WORK ORDER – Everything from the line holding "Some of the text" through the last line below is needed; please reproduce those lines exactly, adding nothing.

'''

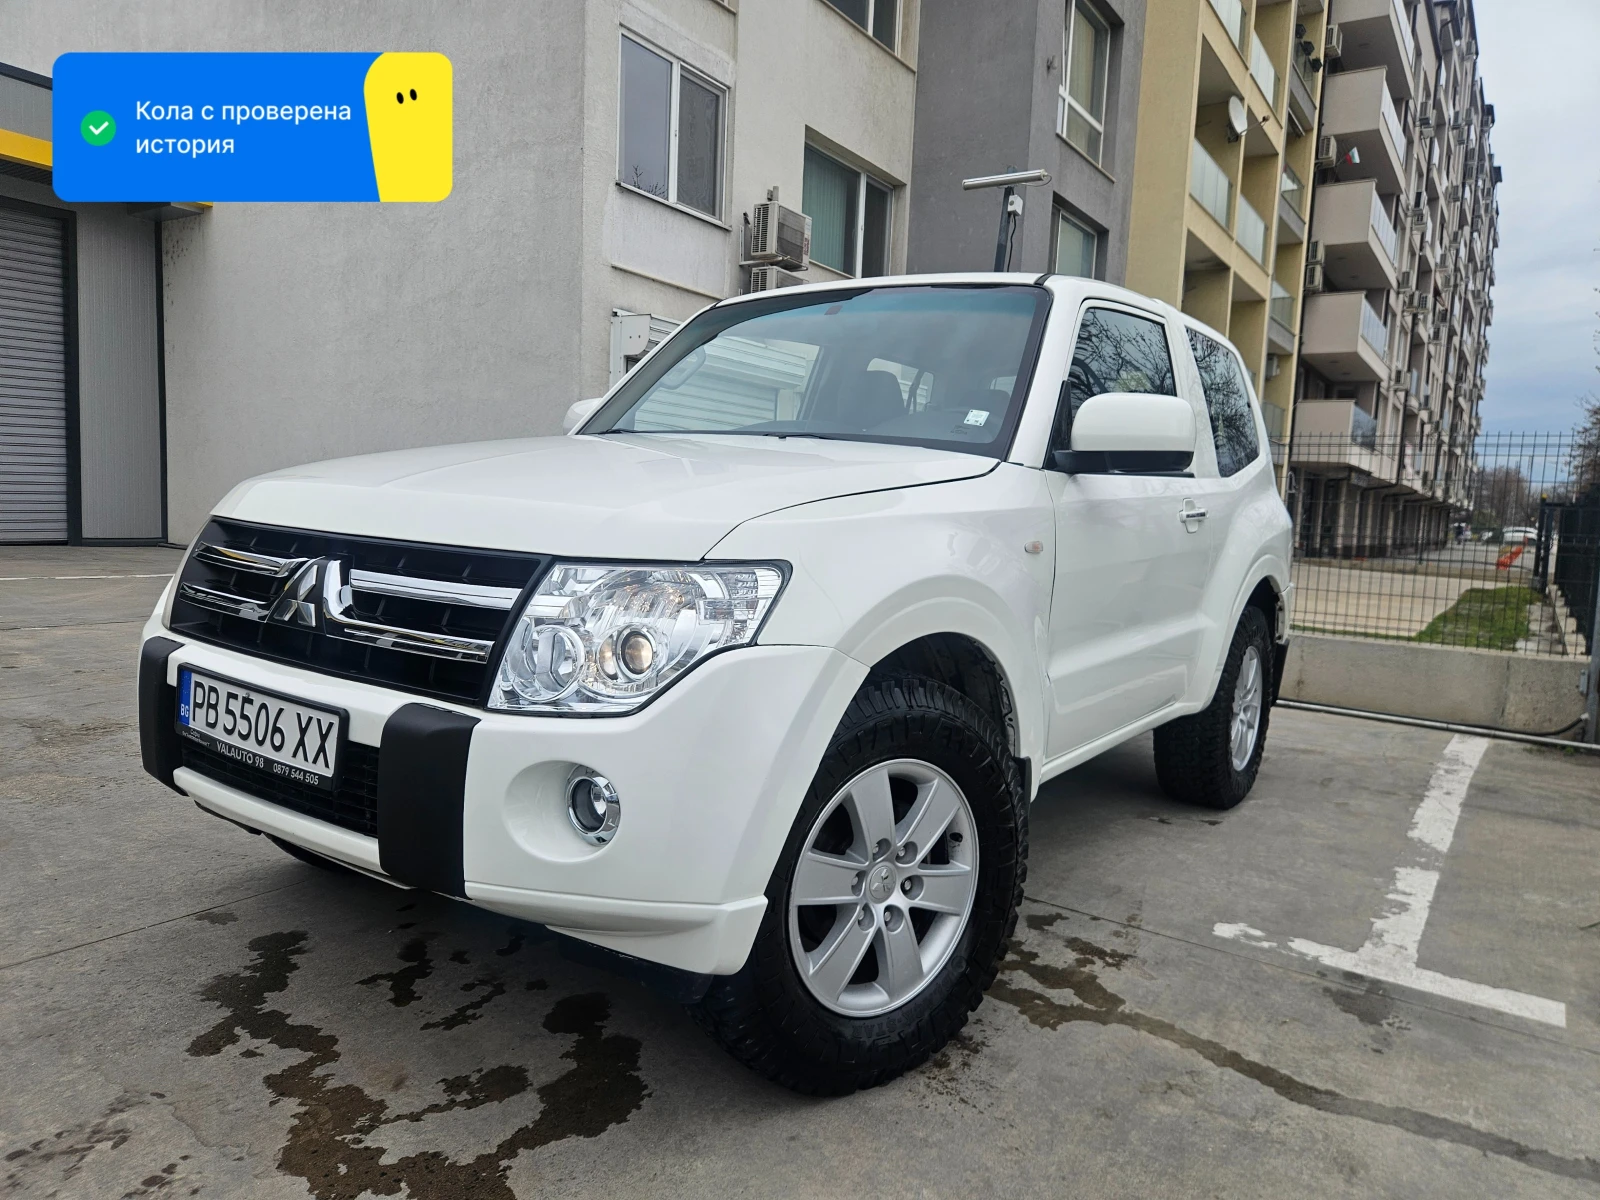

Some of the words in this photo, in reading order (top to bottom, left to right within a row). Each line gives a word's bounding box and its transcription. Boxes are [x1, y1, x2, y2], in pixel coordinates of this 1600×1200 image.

[180, 703, 189, 717] BG
[192, 680, 219, 729] PB
[223, 691, 285, 752] 5506
[291, 711, 335, 769] XX
[216, 741, 254, 764] VALAUTO
[254, 756, 264, 768] 98
[272, 762, 290, 776] 0879
[290, 770, 304, 781] 544
[305, 774, 319, 786] 505
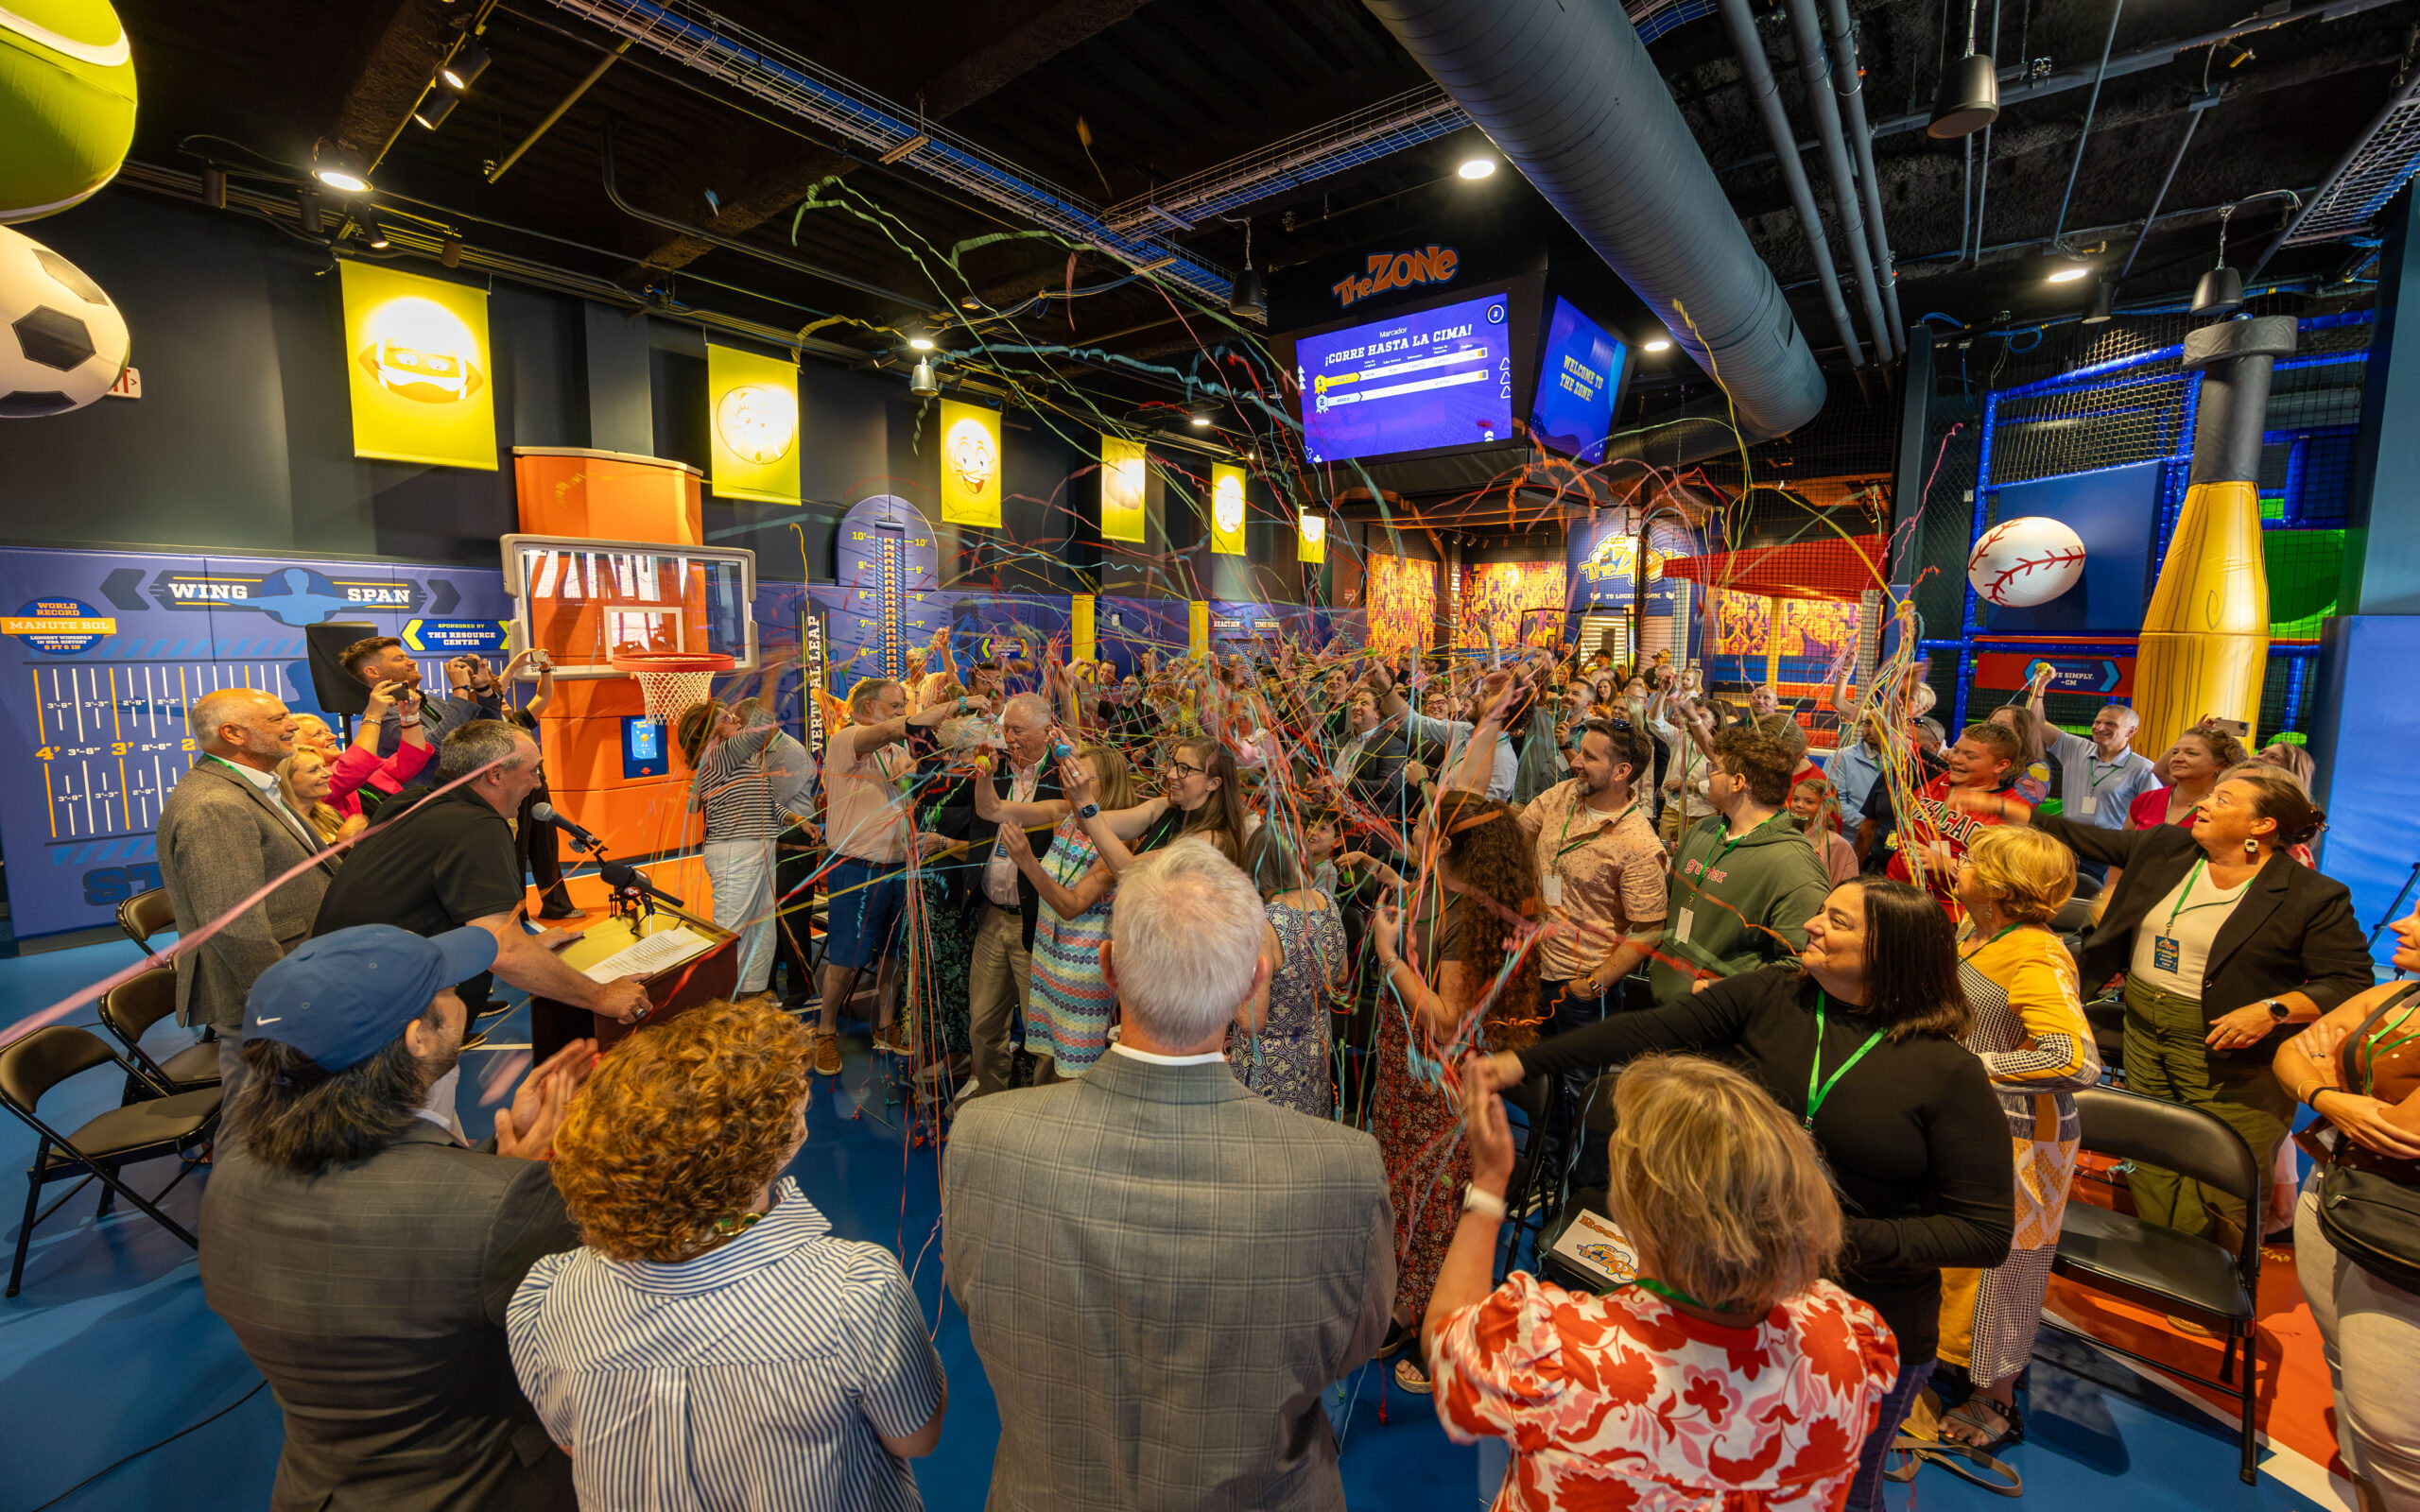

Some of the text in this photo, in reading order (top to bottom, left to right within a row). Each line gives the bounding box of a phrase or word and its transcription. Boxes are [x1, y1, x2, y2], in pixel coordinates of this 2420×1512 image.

[1333, 274, 1373, 306] The
[1380, 327, 1408, 338] Marcador
[1325, 324, 1473, 367] ¡CORRE HASTA LA CIMA!
[1564, 354, 1604, 389] WELCOME TO
[1560, 372, 1594, 403] THE ZONE!
[852, 531, 867, 541] 10'
[915, 539, 928, 547] 10'
[168, 583, 248, 599] WING
[347, 588, 410, 603] SPAN
[9, 621, 110, 629] MANUTE BOL
[859, 619, 869, 627] 7'
[917, 620, 925, 628] 7'
[807, 615, 823, 753] VERTAL LEAP
[112, 742, 134, 756] 3'
[182, 738, 197, 751] 2
[35, 746, 60, 761] 4'

'''

ANSWER BELOW –
Some of the text in this photo, in reading order (top to bottom, left to right within a row). Each line gives the bounding box of a phrase or word and its transcription. Boxes are [x1, y1, x2, y2], in pixel coordinates of this 2420×1512 image.

[1333, 274, 1373, 306] The
[1380, 327, 1408, 338] Marcador
[1325, 324, 1473, 367] ¡CORRE HASTA LA CIMA!
[1564, 354, 1604, 389] WELCOME TO
[1560, 372, 1594, 403] THE ZONE!
[852, 531, 867, 541] 10'
[915, 539, 928, 547] 10'
[168, 583, 248, 599] WING
[347, 588, 410, 603] SPAN
[9, 621, 110, 629] MANUTE BOL
[859, 619, 869, 627] 7'
[917, 620, 925, 628] 7'
[807, 615, 823, 753] VERTAL LEAP
[112, 742, 134, 756] 3'
[182, 738, 197, 751] 2
[35, 746, 60, 761] 4'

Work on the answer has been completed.